It started with a comment that Olivia barely paid any attention to.
“You never wear colors. Kind of a shame.”
She thought Peter was making a pass at her, and dismissed it with a shrug. There was too much going on to bother about clothes. She wore things that always went together, no matter what was available, and never got caught out if she didn’t get around to doing laundry for two weeks. Black, grey and white were good enough.
But Peter kept noticing it.
The first birthday gift he bought her was a pale green cashmere sweater. Sized perfectly, beautifully soft, obviously expensive and excellent quality (not the same thing, which she knew well but didn’t expect Peter to know). She stuffed it in the back of her closet where the color didn’t intrude on the peace of black, grey and white, and never wore it.
For Christmas the same year, it was red and blue mittens and a matching bobble hat, more a joke gift than anything. They went next to the green sweater and she covered them up with a ratty old sweatshirt (grey) for good measure. And never wore them.
She never got him a Christmas gift, nor birthday gifts, even though she knew when his birthday was, of course. It wasn’t the kind of relationship they had.
Once, when a case went (literally) hairy, and then wet and then fiery, they ended up at the lab, freezing and soaked and ragged. Nothing of what they wore could be of any further use, and as they stripped and dried off, cool and professional, Olivia found two piles of fabric nudged in her direction from where Peter was very carefully Not Looking, as she was Not Looking at him.
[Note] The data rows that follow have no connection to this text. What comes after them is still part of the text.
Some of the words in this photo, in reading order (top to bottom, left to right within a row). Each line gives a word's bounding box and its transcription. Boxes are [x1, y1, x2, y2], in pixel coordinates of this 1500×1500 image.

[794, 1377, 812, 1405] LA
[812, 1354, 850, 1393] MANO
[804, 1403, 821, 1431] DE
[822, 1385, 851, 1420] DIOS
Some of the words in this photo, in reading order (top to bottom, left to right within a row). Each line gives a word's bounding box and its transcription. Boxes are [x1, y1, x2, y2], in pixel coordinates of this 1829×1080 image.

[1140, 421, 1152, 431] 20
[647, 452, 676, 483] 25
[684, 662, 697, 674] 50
“I keep some spare stuff here.” Was the simple explanation. Two college sweatshirts from colleges Peter definitely hadn’t attended: one a rich forest green, the other navy blue. Olivia had a spare shirt and yoga pants in her locker, but the sweatshirts both looked deliciously warm. After a moment of hesitation, she grabbed the blue.
If Peter smiled more warmly at her, she told herself it wa only because they’d survived, and were no longer in danger of burning or freezing to death.
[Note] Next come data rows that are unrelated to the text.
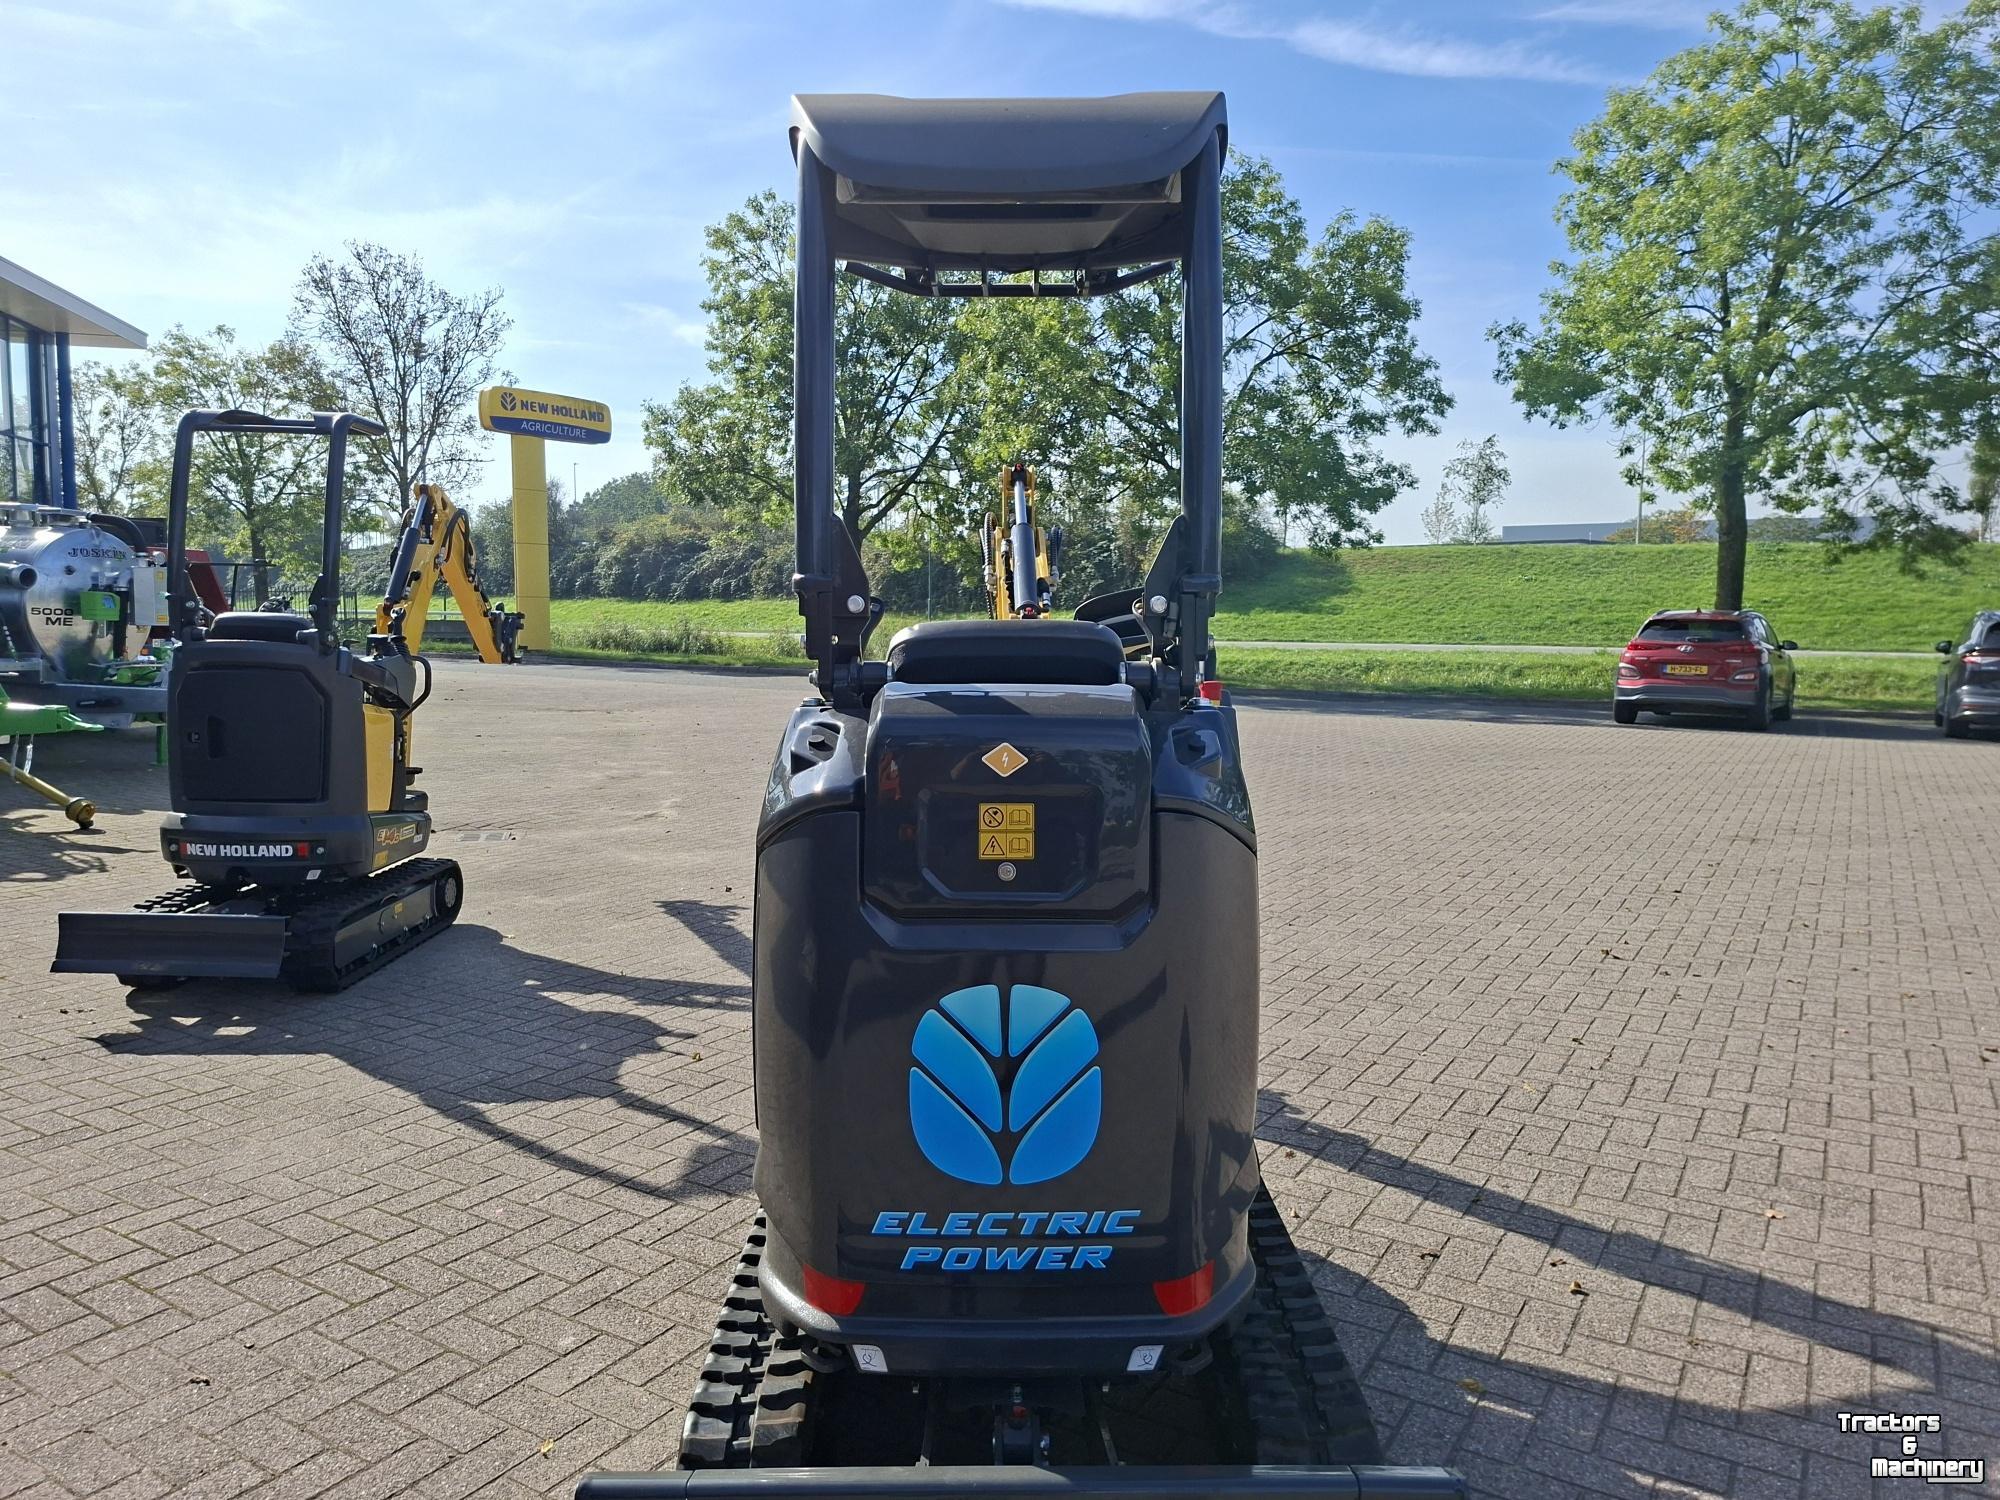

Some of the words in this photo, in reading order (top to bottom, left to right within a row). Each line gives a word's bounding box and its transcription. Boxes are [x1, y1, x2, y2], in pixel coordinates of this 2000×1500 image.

[520, 399, 548, 414] NEW
[551, 404, 605, 423] HOLLAND
[520, 420, 587, 439] AGRICULTURE
[31, 607, 74, 616] 5000
[45, 616, 73, 627] ME
[186, 843, 217, 857] NEW
[220, 844, 293, 857] HOLLAND
[871, 1210, 1141, 1236] ELECTRIC
[900, 1246, 1113, 1271] POWER
Her next birthday gift was a beaded bracelet in grey, white and navy blue. She wore it once, to go undercover, and knew Peter noticed.
Later, after everything went to hell twice, and Bell, and Walternate, and Fauxlivia, and hell again, they had a quiet sort of moment. And Peter produced, in a plain plastic bag, a pair of socks. Pale purple socks.
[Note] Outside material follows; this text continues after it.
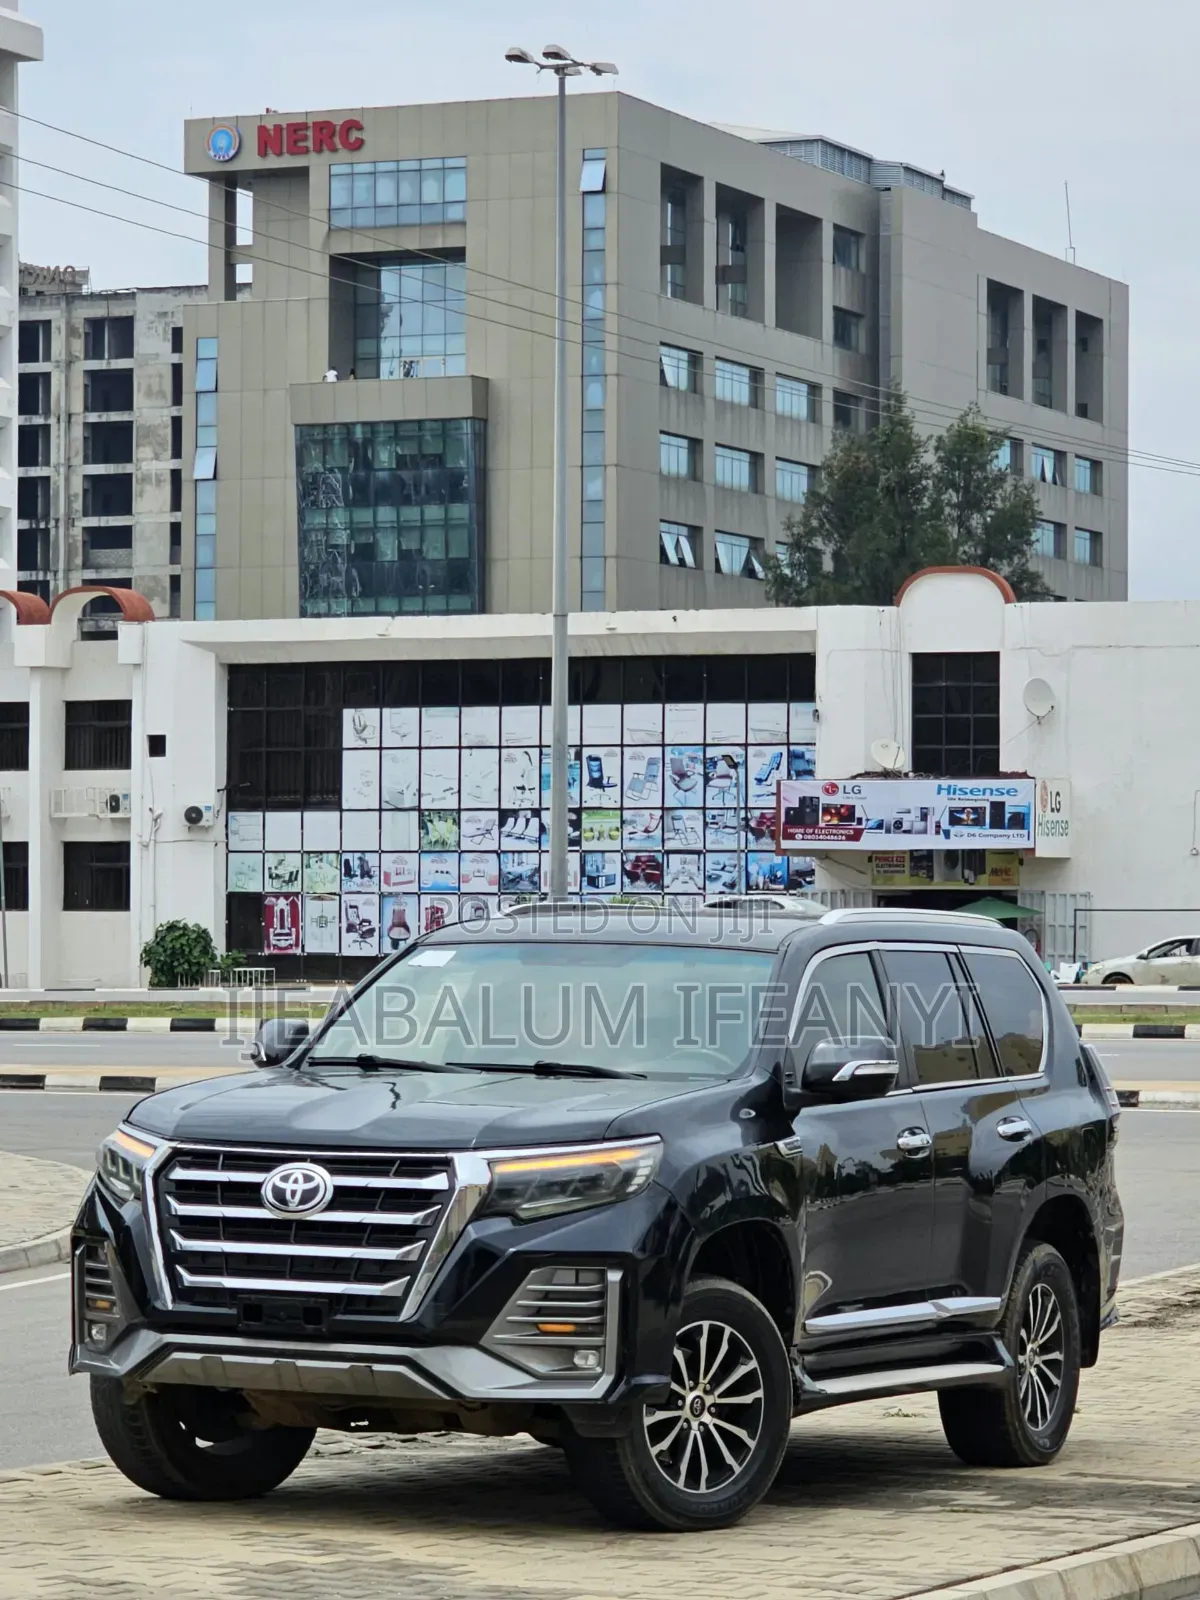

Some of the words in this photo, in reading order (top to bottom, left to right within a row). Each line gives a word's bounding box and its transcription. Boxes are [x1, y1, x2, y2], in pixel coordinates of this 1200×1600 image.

“You’re still trying that?” She was too tired to make her response flirty or cute or not hurtful. “I won’t wear them.”
She’d tried wearing the green sweater, twice. The second time she’d even gotten to pulling it over her head and threading one arm through a sleeve before she tore it off. Stupid goddamn conditioning; she knew it wasn’t her fault, knew it wasn’t something really broken in her. “I like colors. Just-”
“-Not to wear. I know.” Peter looked earnest and adorable, which stopped her from just walking away. “I thought - I mean, if you wanted to just try - socks go under your boots. Nobody can see them. I thought it might be easier, to start with.”
“Oh.” Against her will, she’s touched. They’d been about as intimate as two people could get, by that point, and it still very like the most personal thing, his buying her something she could wear without anybody knowing but the two of them.
She appreciated his wisdom in making it socks instead of lingerie.
It took her four months to try on the socks, and she took advantage of a very very cold day. The purple socks on her feet, with a practical black pair covering them up. Knowing she had them on kept her warmer than actually wearing them, and pulling the leg of her black trousers up, just a little, rolling the black sock down, just a little, to show a stripe of purple, felt deliciously wicked. Peter’s radiant grin was pretty good, too.
He started buying her socks at every opportunity, after that. Red and blue and striped and checked. The neon yellow ones she threw back at him, so he got an identical, larger pair to show her it could be done. The orange and green houndstooth pattern even he admitted he refused to wear. They both drew the line at bubblegum pink. In the mess of timelines and betrayal and death, it was a game they played and made Olivia’s heart lighter with every color she wore.
Eventually, she got herself all the way to bright red socks with nothing to cover them up except her shoes. After that, she ventured, sometimes, carefully, into pastel shirts.
It took Peter several years to dare to buy her lingerie in bright colors, and a few more years for her to dare to wear it.
Years and years later, several timelines removed, Olivia wore dark blue jeans and a pale green cashmere sweater to the memorial service to everyone they had lost. She stood out among the sober suits and raincoats, and felt alive with every fibre of her being. Peter wore pale blue socks and red boxer shorts with Golden Snitches on them, under his formal dress shoes and dark grey suit (she’d bought them for him).
It was the only time she wore that sweater. And that was alright.